Agree or disagree? What do you think of this message that’s been floating around for a day or two on facebook:
"When you interrupt a girl’s school day to force her to change clothes or to send her home because her shorts are short, or her bra straps are visible, you are telling her that hiding her body is more important than her education. You are telling her that making sure the boys have a distraction-free learning environment is more important than her education. You are telling her that boys are more entitled to an education than she is.”
Doesn’t it depend on what you’re telling the boys?
And doesn’t this presuppose that there are boys in the school in the first place??
What are you telling the boys?
My daughter went to school for 12 years where she could be sent home if she was inappropriately dressed. But then again, so did my son (albeit, at the end, to a school with slightly different standards – I have to include this disclaimer in case one of them should come across this post).
In Hebrew, there is a strong difference between the word “haskalah” (הַשׂכָּלָה), which means “education” and the word chinuch (חִנּוּךְ), which means… whoops; “education.” A school, it is said, provides haskalah, which generally means something more like intellectual enlightenment – the content of what is taught in lessons. But it should also provide chinuch – the kind of education in civil behaviour into which how we dress – and the message it sends – generally falls.

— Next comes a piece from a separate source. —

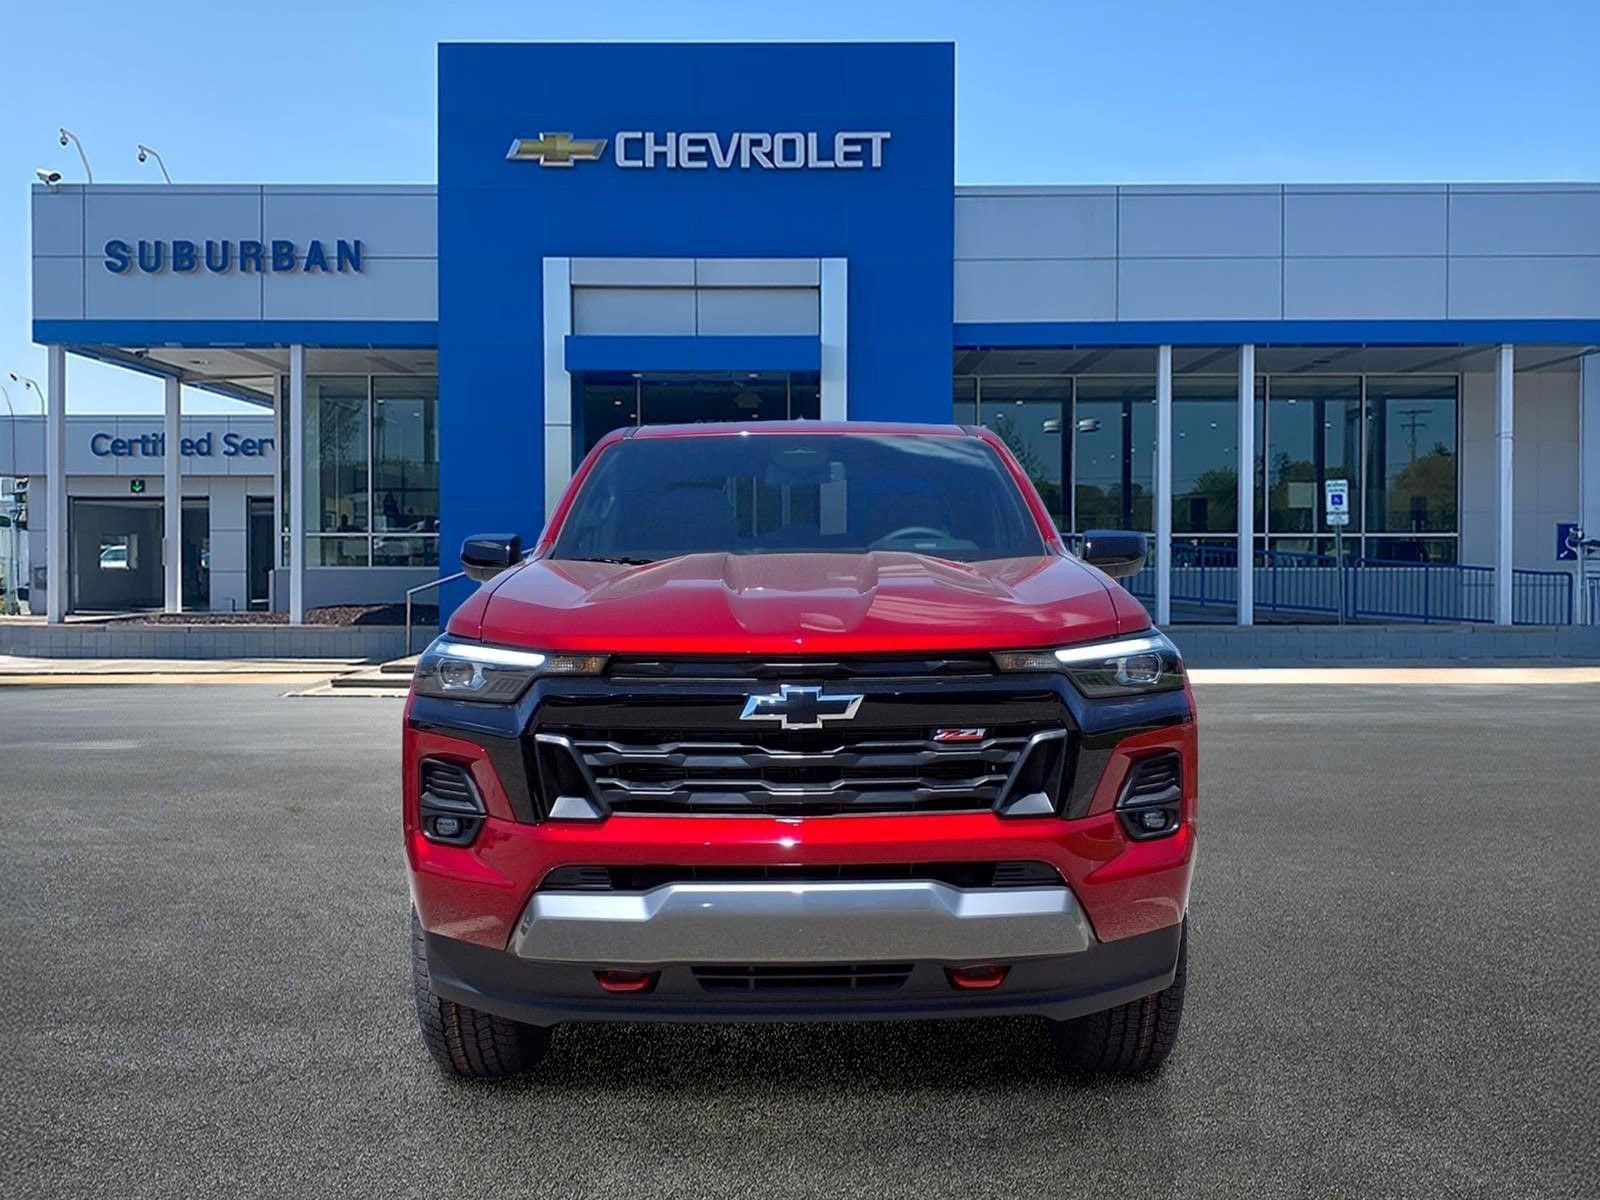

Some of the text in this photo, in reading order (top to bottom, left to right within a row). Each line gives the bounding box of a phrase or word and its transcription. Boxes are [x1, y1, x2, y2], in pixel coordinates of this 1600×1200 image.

[615, 131, 891, 168] CHEVROLET
[104, 239, 363, 274] SUBURBAN
[90, 432, 213, 457] Certifed

This message is apparently being shared on facebook as part of something called the “@unslutproject,” which aims to remove stigma and shaming of women who dress or act in certain ways. I certainly agree that we shouldn’t shame people or treat them badly, no matter what their gender or how they’re dressed. That’s part of civil behaviour, too.
Who’s more distracted?
It is interesting, by the way, that we assume that the biggest distraction here is to the boys (assuming they are there in the classroom at all). Have you ever noticed how distracted young girls act when their bodies are on display?
If a girl’s bra strap is showing, did it get that way by accident? Maybe… or maybe she knows it, planned it that way, and is thinking about it constantly during history or English or whatever class she’s supposed to be concentrating on.
And by the way, if you remove the boys from the classroom, there’s some evidence to suggest that the girls do better, educationally. Does that mean, since we care so much about their education, that we ought to sequester them in single-sex schools, where they won’t have to fiddle with their bra straps, hemlines, or anything else unless they want to…?
Well, the choice is up to you, but that’s what we did with our daughter.
Neither gender is more or less entitled to an education. But since their bodies are coursing with well-documented crazy hormones during the years between 13 and 18 (probably longer), it seems to make sense to both set dress codes AND separate them during these years.
I can’t guarantee distraction-free (see above re crazy hormones). But yes, it’s fair to say that boys are entitled to a learning-conducive learning environment… and so are girls. Since each is the other’s biggest distraction, it just makes sense to keep them apart. And appropriately dressed.